Some 55 years since Jennings had his first serious Spurs conversation – with ‘Mr. Tottenham’, Bill Nicholson – the big man from Co Down is still part of the furniture.
Coming from Newry Town and Watford, Jennings thought Spurs pretty sleek back in 1964; today he looks at Tottenham and says: "It's like a five-star hotel. Whenever you see this training facility, what it has done for the club. And the new stadium? We've everything in place."
It is hard to argue.
It feels insufficient to describe Tottenham’s 77-acre complex at Enfield on the fringe of north London as a training ground – it is more than that. It is a statement of intent and Jennings speaks with a mixture of awe and pride as he recounts the 36 groundsmen who have the place resembling Augusta National, the 15 pitches, the lodge in which Brazil stayed pre-Russia last summer.
Then there is the market garden which supplies the kitchen, the swimming pool, plunge pools and rehab rooms which overlook the first-team pitches so that eyes are kept on the prize.

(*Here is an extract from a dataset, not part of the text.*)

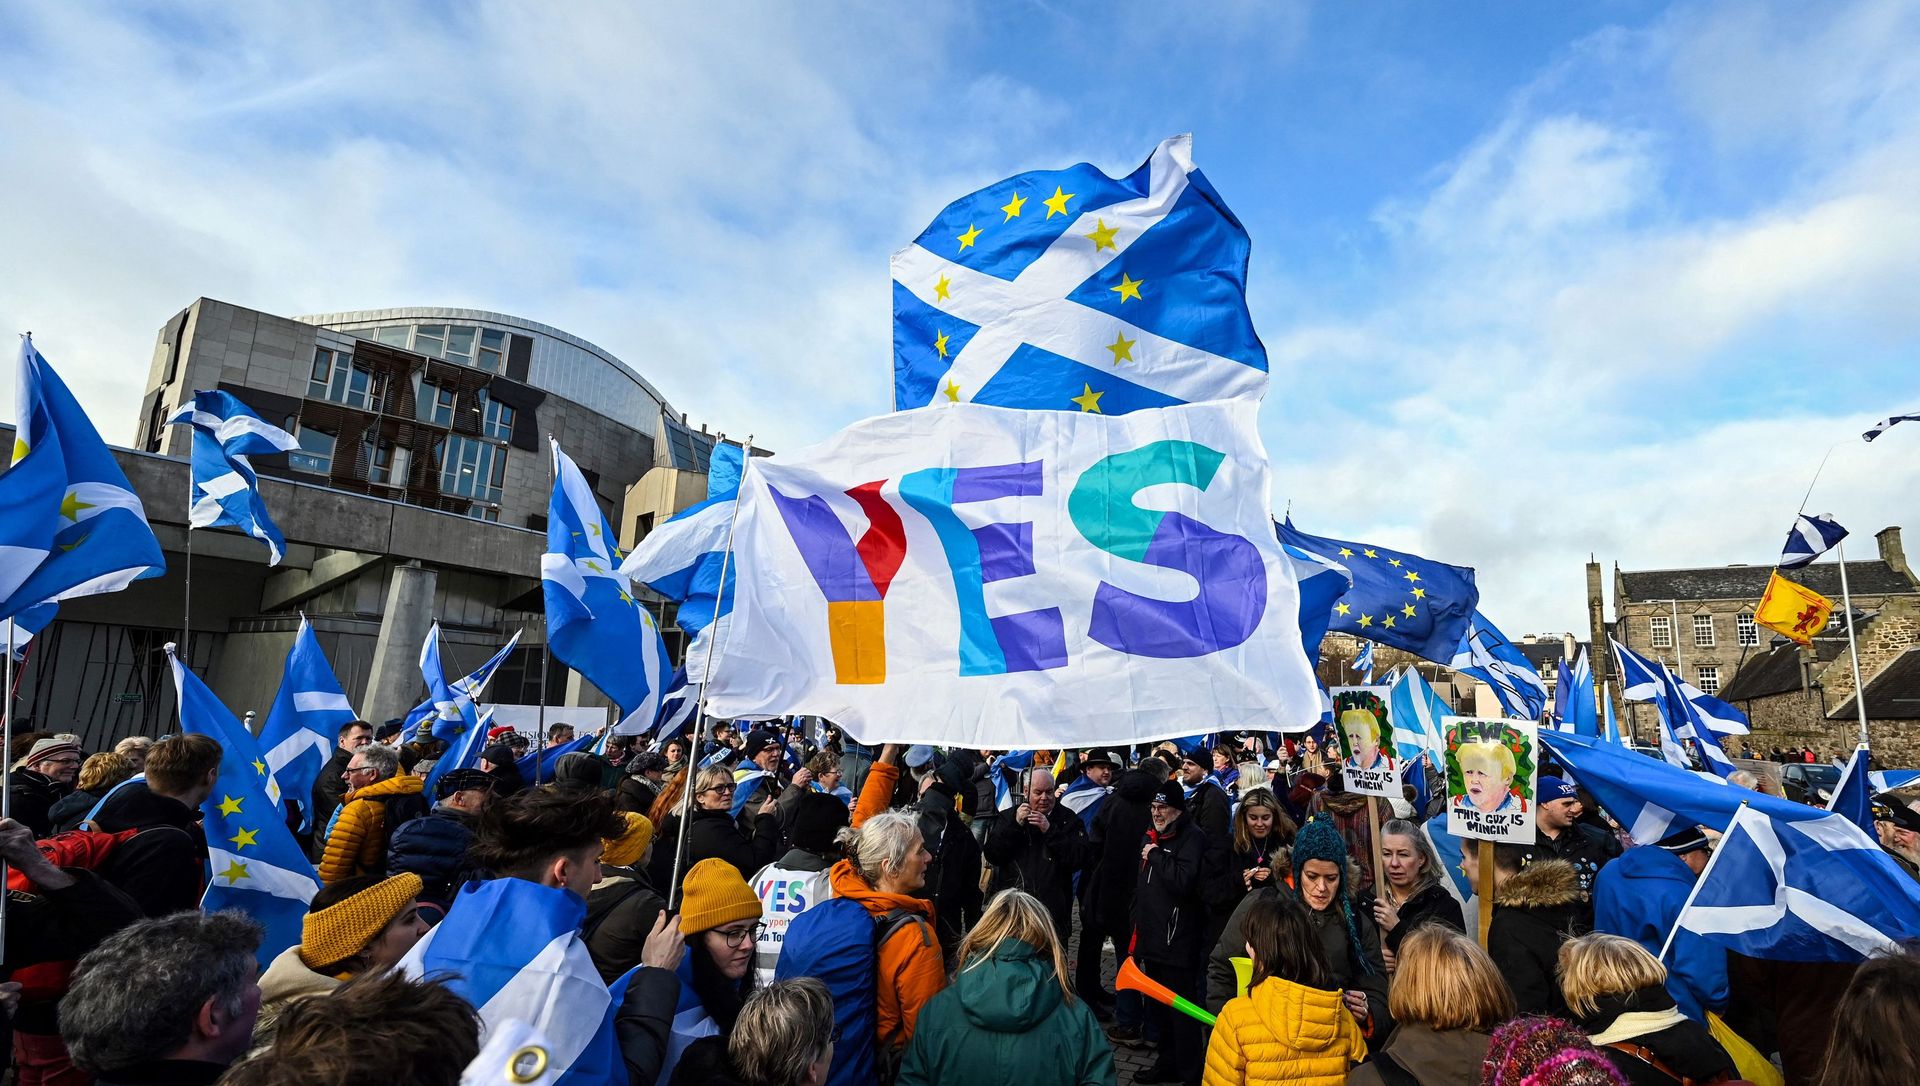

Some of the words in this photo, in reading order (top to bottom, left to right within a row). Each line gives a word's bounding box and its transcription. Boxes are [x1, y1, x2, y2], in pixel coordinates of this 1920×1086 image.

There is much more. Jennings is surrounded by modernity. Tottenham have invested in the future and as he walks around, he greets Hugo Lloris, Eric Dier, Dele Alli, Kyle Walker-Peters. Theirs are handshakes with history.

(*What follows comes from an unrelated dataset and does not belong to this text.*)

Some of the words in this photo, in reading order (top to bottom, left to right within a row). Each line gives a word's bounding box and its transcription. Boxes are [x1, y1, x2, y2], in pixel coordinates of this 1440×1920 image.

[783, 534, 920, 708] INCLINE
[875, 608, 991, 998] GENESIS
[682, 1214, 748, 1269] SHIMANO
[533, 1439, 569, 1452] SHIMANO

“It’s a different world,” Jennings says.
That becomes ever more clear when the subject changes from the Spurs of today, the Champions League semi-final against Ajax, Mauricio Pochettino and the progress of 17 year-old Dubliner Troy Parrott – "doing brilliant" – to Jennings' pre-Tottenham youth in Newry. Then he brings memories of walking up a hillside near Meigh on the border with a hatchet in his hand.

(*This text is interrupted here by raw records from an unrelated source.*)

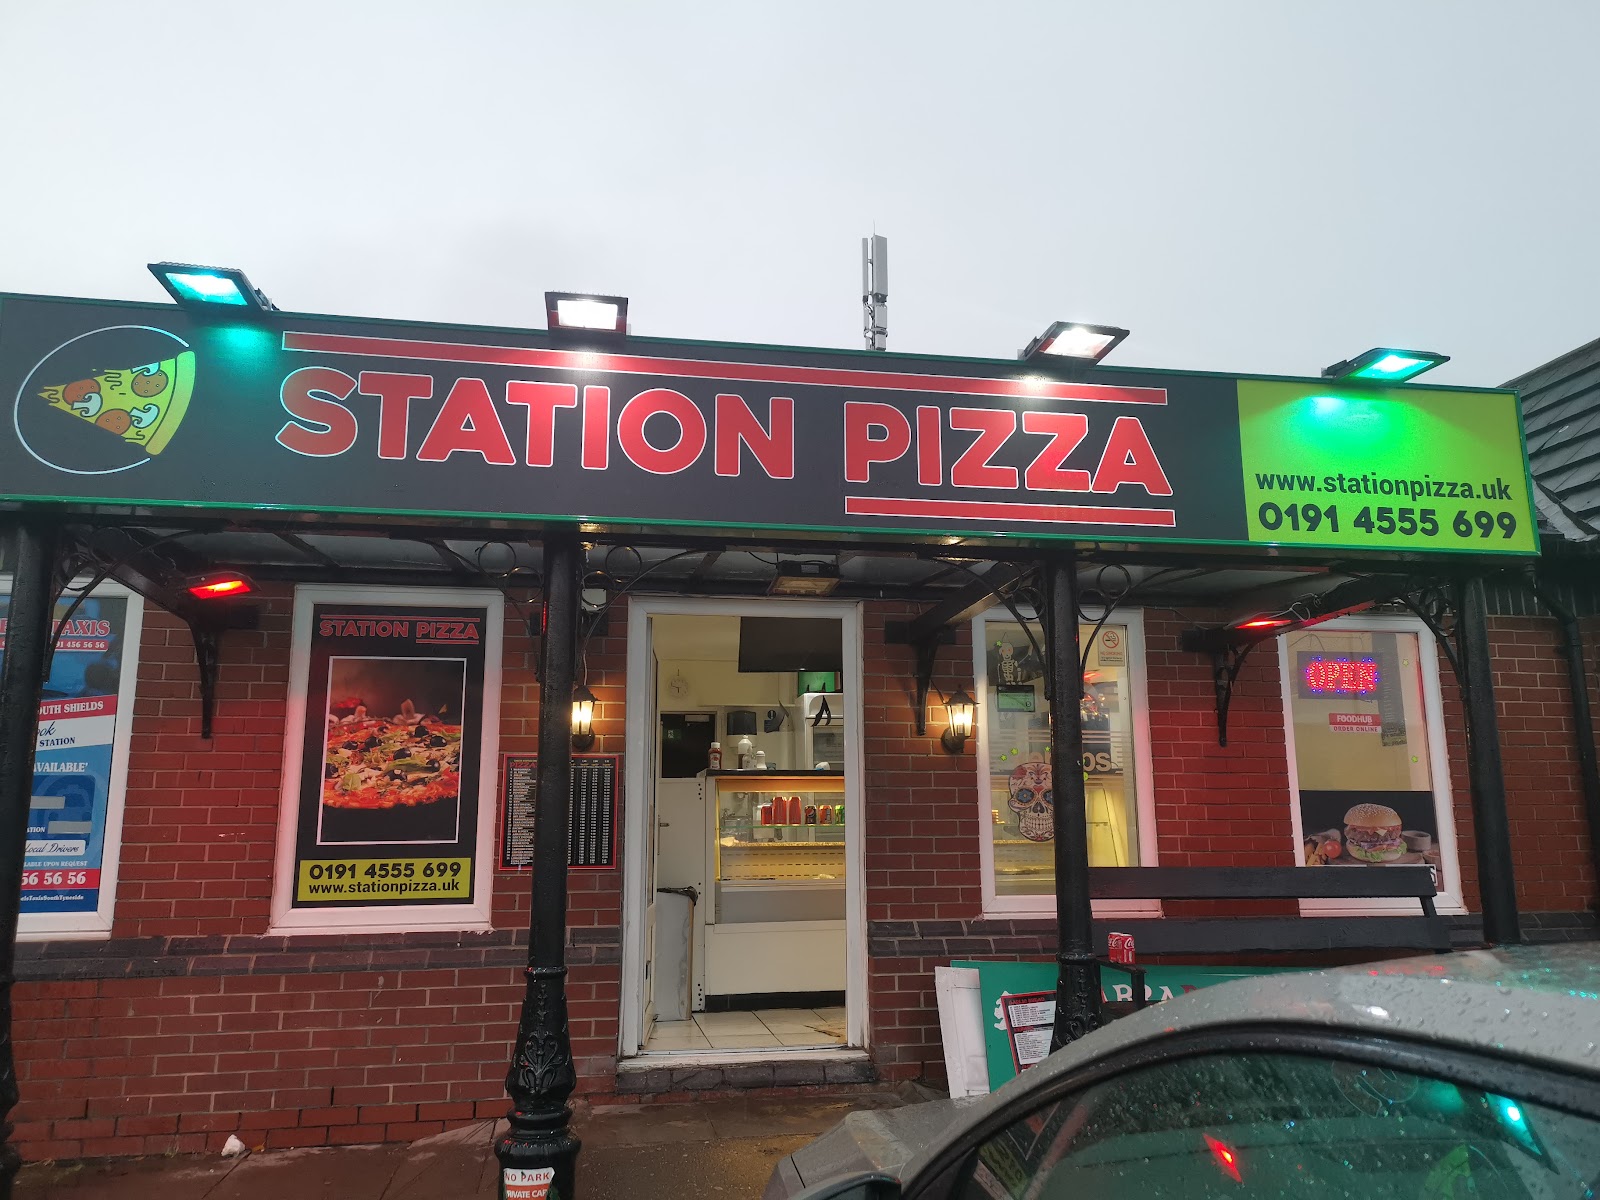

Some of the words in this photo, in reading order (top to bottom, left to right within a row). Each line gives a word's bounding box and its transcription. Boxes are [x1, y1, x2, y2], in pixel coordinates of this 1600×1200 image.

[276, 366, 794, 479] STATION
[844, 401, 1173, 496] PIZZA
[1255, 472, 1513, 501] www.stationpizza.uk
[1258, 502, 1340, 532] 0191
[1353, 506, 1439, 536] 4555
[1453, 510, 1517, 539] 699
[319, 620, 409, 637] STATION
[416, 622, 479, 639] PIZZA
[1308, 662, 1377, 690] OPEN
[63, 700, 104, 713] SHIELDS
[1336, 714, 1373, 723] FOODHUB
[37, 721, 56, 736] ok
[39, 737, 76, 747] STATION
[48, 842, 80, 853] Drivers
[60, 860, 88, 868] REQUEST
[309, 864, 356, 880] 0191
[364, 862, 415, 878] 4555
[422, 862, 462, 878] 699
[43, 872, 62, 885] 56
[67, 871, 87, 885] 56
[309, 879, 460, 895] www.stationpizza.uk
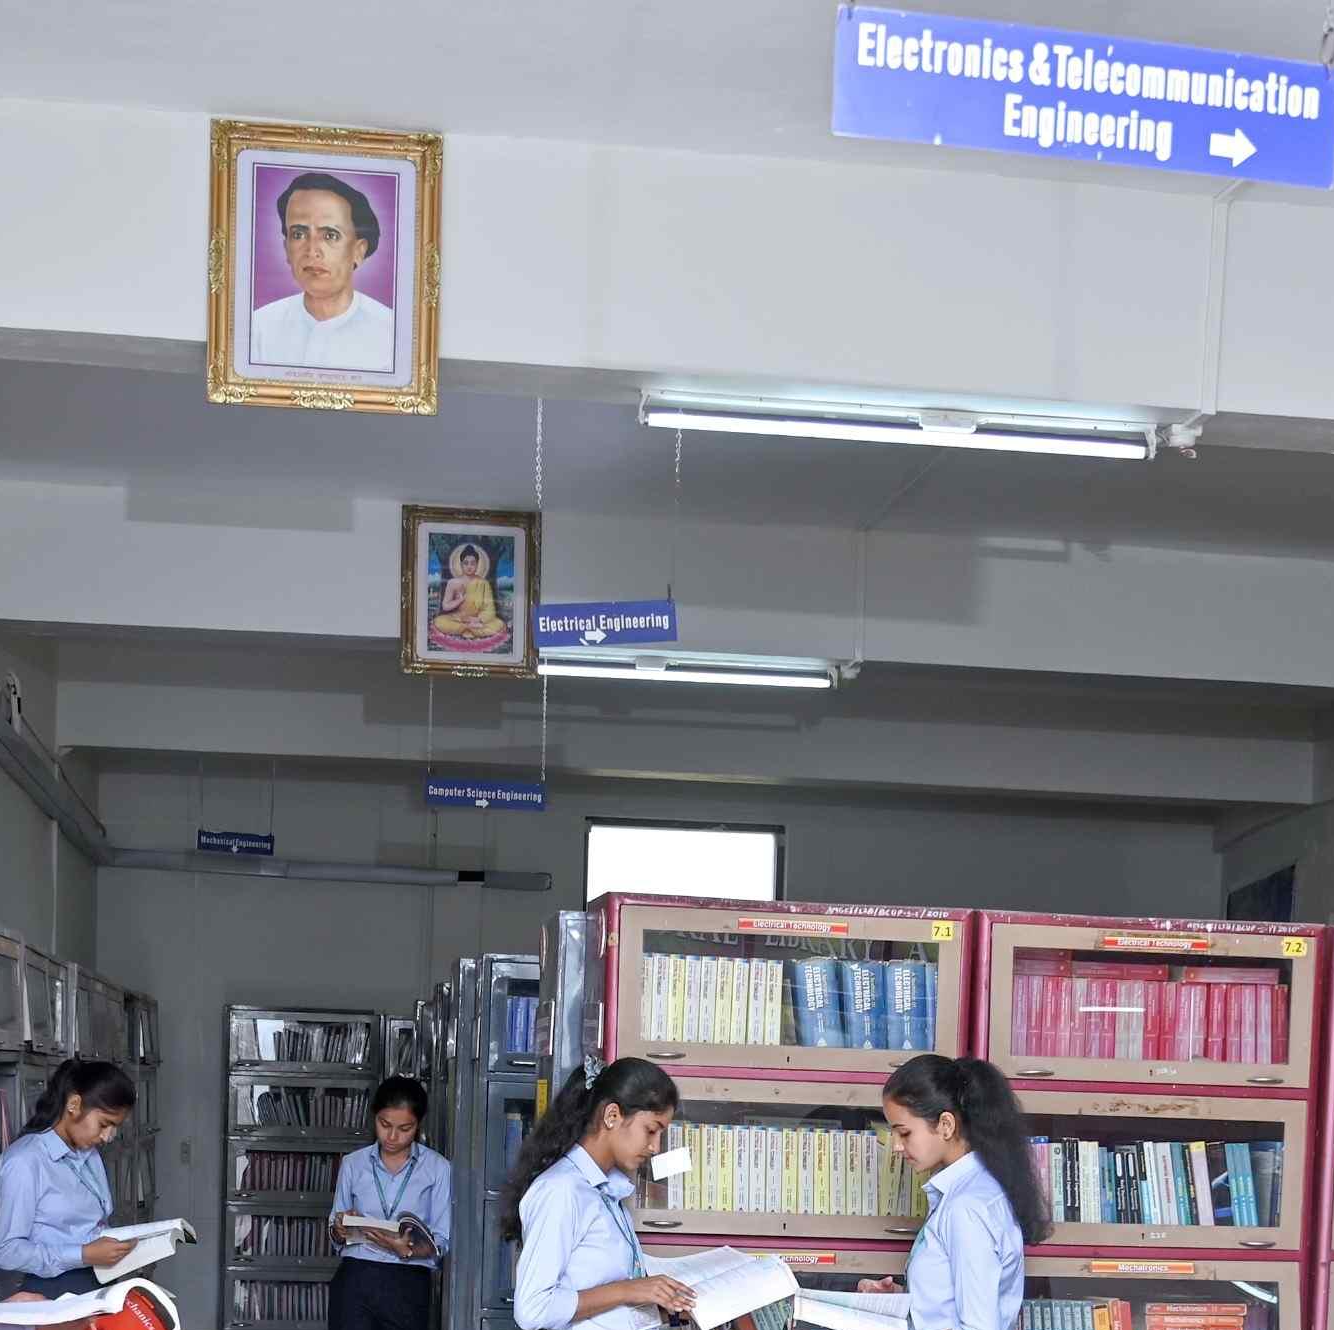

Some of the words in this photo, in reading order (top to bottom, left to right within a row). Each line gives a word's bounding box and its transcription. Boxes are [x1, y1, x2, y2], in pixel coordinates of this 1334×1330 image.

[857, 22, 1024, 84] Electronics
[1003, 93, 1174, 162] Engineering
[539, 615, 596, 633] Electrical
[599, 613, 670, 632] Engineering
[428, 785, 465, 797] Computer
[466, 787, 496, 799] Science
[497, 789, 542, 803] Engineering
[200, 835, 234, 846] Mechanical
[235, 837, 272, 849] Engineering
[753, 918, 786, 930] Electrical
[788, 920, 831, 933] Technology
[933, 925, 952, 938] 7.1
[1117, 938, 1152, 950] Electrical
[1154, 940, 1192, 953] Technology
[1285, 942, 1303, 953] 7.2
[804, 965, 815, 1011] TECHNOLOGY
[813, 967, 824, 1009] ELECTRICAL
[853, 966, 864, 1013] TECHNOLOGY
[862, 969, 872, 1011] ELECTRICAL
[895, 967, 905, 1013] TECHNOLOGY
[902, 968, 912, 1010] ELECTRICAL
[1117, 1263, 1169, 1273] Mechatronics
[1166, 1303, 1208, 1313] Mechatronics

My job was to go in with a hatchet and trim all the branches
“I was 15, finished school – couldn’t wait to get out,” he says. “Got work in a factory but it closed.
“My dad was working in a timber gang on one of the mountains just outside Newry. I joined that timber gang.
“They were clearing the whole mountain – nothing mechanical. My job was to go in with a hatchet and trim all the branches. Then my dad would come along with a horse and drag the trees off the mountain. Massive 80ft trees.”
As he says, a different world.
Jennings played Gaelic football at school because soccer was banned. But soccer was the street game in Newry and he joined a team calling itself Shamrock Rovers – "you'd adopt the name of a famous club. That's who we were, then there was Celtic, Arsenal, Spurs and so on. The rivalry was unbelievable.
“That’s where I started and it’s now Jennings Park. I was home last week doing some IFA and McDonald’s work and we put on a session there. I’m so proud – Jennings Park in my home town.”
John and Sadie Jennings had seven sons and a daughter. One of Pat's brothers, Brian, was at Newry United, the juniors of Newry Town: "One night Brian said their goalkeeper had gone to England to look for work. 'Why don't you come down?' he said. 'You might get a game.' I'd just come off the mountain."
Senior side
Pat went along and, naturally, impressed. Soon he was in the senior side and then the Northern Ireland youth team.
“I was 17,” he says, “never been out of Ireland, never been further south than Dublin. I’d been to Derry to play basketball for the school. That was it.
"I was told there was a European youth tournament coming up in England. Northern Ireland got to the final. Ten days after coming off the mountain I was playing at Wembley. Wembley. Ten days. Can you imagine?"
The Irish lost to an England side containing players such as Liverpool's Tommy Smith and Chelsea's Ron Harris. Jennings didn't know who they were, nor that Bill McCracken was watching.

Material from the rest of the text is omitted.